### TASK DIRECTIONS
Your output must match the data word for word, with every line included.

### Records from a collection
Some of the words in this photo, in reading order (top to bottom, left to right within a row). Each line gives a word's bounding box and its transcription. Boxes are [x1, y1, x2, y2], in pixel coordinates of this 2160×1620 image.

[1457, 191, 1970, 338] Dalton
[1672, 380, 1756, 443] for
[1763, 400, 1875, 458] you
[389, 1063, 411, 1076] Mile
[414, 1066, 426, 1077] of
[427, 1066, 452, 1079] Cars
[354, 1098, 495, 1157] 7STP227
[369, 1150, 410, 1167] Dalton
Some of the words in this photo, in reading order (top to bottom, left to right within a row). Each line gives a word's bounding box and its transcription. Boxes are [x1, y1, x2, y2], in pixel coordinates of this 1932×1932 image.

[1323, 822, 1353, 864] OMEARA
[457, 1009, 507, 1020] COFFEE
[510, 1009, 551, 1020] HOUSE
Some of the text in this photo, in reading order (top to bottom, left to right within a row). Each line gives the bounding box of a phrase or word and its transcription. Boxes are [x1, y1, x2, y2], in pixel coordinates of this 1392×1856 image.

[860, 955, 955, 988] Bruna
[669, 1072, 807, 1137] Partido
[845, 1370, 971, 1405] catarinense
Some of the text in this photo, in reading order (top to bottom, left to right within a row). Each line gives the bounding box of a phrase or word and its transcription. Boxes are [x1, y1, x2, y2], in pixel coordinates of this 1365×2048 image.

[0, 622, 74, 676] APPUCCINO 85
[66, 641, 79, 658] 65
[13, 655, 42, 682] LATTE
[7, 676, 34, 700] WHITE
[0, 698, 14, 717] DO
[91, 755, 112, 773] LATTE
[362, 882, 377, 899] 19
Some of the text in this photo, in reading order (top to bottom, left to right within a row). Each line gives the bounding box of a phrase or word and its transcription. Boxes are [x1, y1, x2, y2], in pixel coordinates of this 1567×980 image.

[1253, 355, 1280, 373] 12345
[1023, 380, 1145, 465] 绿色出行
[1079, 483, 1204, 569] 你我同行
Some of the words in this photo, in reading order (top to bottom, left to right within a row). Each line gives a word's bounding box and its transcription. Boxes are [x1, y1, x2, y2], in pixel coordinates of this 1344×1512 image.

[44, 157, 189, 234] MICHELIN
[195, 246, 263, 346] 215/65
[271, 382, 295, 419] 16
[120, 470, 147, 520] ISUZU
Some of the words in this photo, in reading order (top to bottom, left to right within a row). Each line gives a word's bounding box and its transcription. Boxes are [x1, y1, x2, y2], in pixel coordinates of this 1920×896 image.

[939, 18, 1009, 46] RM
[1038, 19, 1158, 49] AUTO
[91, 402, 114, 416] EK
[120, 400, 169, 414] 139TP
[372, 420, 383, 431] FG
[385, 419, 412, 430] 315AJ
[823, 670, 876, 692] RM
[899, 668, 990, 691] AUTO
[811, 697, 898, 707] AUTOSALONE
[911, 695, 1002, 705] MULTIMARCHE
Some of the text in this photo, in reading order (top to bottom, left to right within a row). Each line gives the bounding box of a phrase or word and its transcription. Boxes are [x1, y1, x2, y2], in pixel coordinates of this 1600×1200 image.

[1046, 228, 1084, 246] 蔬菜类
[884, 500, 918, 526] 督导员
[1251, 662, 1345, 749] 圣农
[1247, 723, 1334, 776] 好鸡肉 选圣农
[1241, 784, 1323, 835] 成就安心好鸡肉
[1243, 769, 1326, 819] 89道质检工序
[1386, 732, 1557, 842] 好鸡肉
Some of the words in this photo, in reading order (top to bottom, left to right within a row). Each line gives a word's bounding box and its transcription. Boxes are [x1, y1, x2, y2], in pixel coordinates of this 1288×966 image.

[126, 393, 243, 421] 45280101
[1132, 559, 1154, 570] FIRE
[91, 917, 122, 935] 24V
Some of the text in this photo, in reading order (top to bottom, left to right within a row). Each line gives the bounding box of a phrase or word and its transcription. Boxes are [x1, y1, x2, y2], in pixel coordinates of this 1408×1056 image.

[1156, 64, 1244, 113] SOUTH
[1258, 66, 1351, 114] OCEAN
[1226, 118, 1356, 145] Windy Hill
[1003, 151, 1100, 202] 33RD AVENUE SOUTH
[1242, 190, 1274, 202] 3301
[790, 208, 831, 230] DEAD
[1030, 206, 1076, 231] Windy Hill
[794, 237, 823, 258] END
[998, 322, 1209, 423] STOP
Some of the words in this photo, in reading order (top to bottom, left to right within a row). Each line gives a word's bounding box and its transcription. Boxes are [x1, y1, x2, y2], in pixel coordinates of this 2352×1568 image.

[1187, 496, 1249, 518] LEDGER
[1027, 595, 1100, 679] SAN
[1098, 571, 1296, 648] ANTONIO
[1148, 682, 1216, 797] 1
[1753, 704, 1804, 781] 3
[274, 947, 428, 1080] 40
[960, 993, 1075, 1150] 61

### SOLUTION BELOW
Some of the words in this photo, in reading order (top to bottom, left to right within a row). Each line gives a word's bounding box and its transcription. Boxes are [x1, y1, x2, y2], in pixel coordinates of this 2160×1620 image.

[1457, 191, 1970, 338] Dalton
[1672, 380, 1756, 443] for
[1763, 400, 1875, 458] you
[389, 1063, 411, 1076] Mile
[414, 1066, 426, 1077] of
[427, 1066, 452, 1079] Cars
[354, 1098, 495, 1157] 7STP227
[369, 1150, 410, 1167] Dalton
Some of the words in this photo, in reading order (top to bottom, left to right within a row). Each line gives a word's bounding box and its transcription. Boxes are [x1, y1, x2, y2], in pixel coordinates of this 1932×1932 image.

[1323, 822, 1353, 864] OMEARA
[457, 1009, 507, 1020] COFFEE
[510, 1009, 551, 1020] HOUSE
Some of the text in this photo, in reading order (top to bottom, left to right within a row). Each line gives the bounding box of a phrase or word and its transcription. Boxes are [x1, y1, x2, y2], in pixel coordinates of this 1392×1856 image.

[860, 955, 955, 988] Bruna
[669, 1072, 807, 1137] Partido
[845, 1370, 971, 1405] catarinense
Some of the text in this photo, in reading order (top to bottom, left to right within a row). Each line gives the bounding box of a phrase or word and its transcription. Boxes are [x1, y1, x2, y2], in pixel coordinates of this 1365×2048 image.

[0, 622, 74, 676] APPUCCINO 85
[66, 641, 79, 658] 65
[13, 655, 42, 682] LATTE
[7, 676, 34, 700] WHITE
[0, 698, 14, 717] DO
[91, 755, 112, 773] LATTE
[362, 882, 377, 899] 19
Some of the text in this photo, in reading order (top to bottom, left to right within a row). Each line gives the bounding box of a phrase or word and its transcription. Boxes are [x1, y1, x2, y2], in pixel coordinates of this 1567×980 image.

[1253, 355, 1280, 373] 12345
[1023, 380, 1145, 465] 绿色出行
[1079, 483, 1204, 569] 你我同行
Some of the words in this photo, in reading order (top to bottom, left to right within a row). Each line gives a word's bounding box and its transcription. Boxes are [x1, y1, x2, y2], in pixel coordinates of this 1344×1512 image.

[44, 157, 189, 234] MICHELIN
[195, 246, 263, 346] 215/65
[271, 382, 295, 419] 16
[120, 470, 147, 520] ISUZU
Some of the words in this photo, in reading order (top to bottom, left to right within a row). Each line gives a word's bounding box and its transcription. Boxes are [x1, y1, x2, y2], in pixel coordinates of this 1920×896 image.

[939, 18, 1009, 46] RM
[1038, 19, 1158, 49] AUTO
[91, 402, 114, 416] EK
[120, 400, 169, 414] 139TP
[372, 420, 383, 431] FG
[385, 419, 412, 430] 315AJ
[823, 670, 876, 692] RM
[899, 668, 990, 691] AUTO
[811, 697, 898, 707] AUTOSALONE
[911, 695, 1002, 705] MULTIMARCHE
Some of the text in this photo, in reading order (top to bottom, left to right within a row). Each line gives the bounding box of a phrase or word and its transcription. Boxes are [x1, y1, x2, y2], in pixel coordinates of this 1600×1200 image.

[1046, 228, 1084, 246] 蔬菜类
[884, 500, 918, 526] 督导员
[1251, 662, 1345, 749] 圣农
[1247, 723, 1334, 776] 好鸡肉 选圣农
[1241, 784, 1323, 835] 成就安心好鸡肉
[1243, 769, 1326, 819] 89道质检工序
[1386, 732, 1557, 842] 好鸡肉
Some of the words in this photo, in reading order (top to bottom, left to right within a row). Each line gives a word's bounding box and its transcription. Boxes are [x1, y1, x2, y2], in pixel coordinates of this 1288×966 image.

[126, 393, 243, 421] 45280101
[1132, 559, 1154, 570] FIRE
[91, 917, 122, 935] 24V
Some of the text in this photo, in reading order (top to bottom, left to right within a row). Each line gives the bounding box of a phrase or word and its transcription. Boxes are [x1, y1, x2, y2], in pixel coordinates of this 1408×1056 image.

[1156, 64, 1244, 113] SOUTH
[1258, 66, 1351, 114] OCEAN
[1226, 118, 1356, 145] Windy Hill
[1003, 151, 1100, 202] 33RD AVENUE SOUTH
[1242, 190, 1274, 202] 3301
[790, 208, 831, 230] DEAD
[1030, 206, 1076, 231] Windy Hill
[794, 237, 823, 258] END
[998, 322, 1209, 423] STOP
Some of the words in this photo, in reading order (top to bottom, left to right within a row). Each line gives a word's bounding box and its transcription. Boxes are [x1, y1, x2, y2], in pixel coordinates of this 2352×1568 image.

[1187, 496, 1249, 518] LEDGER
[1027, 595, 1100, 679] SAN
[1098, 571, 1296, 648] ANTONIO
[1148, 682, 1216, 797] 1
[1753, 704, 1804, 781] 3
[274, 947, 428, 1080] 40
[960, 993, 1075, 1150] 61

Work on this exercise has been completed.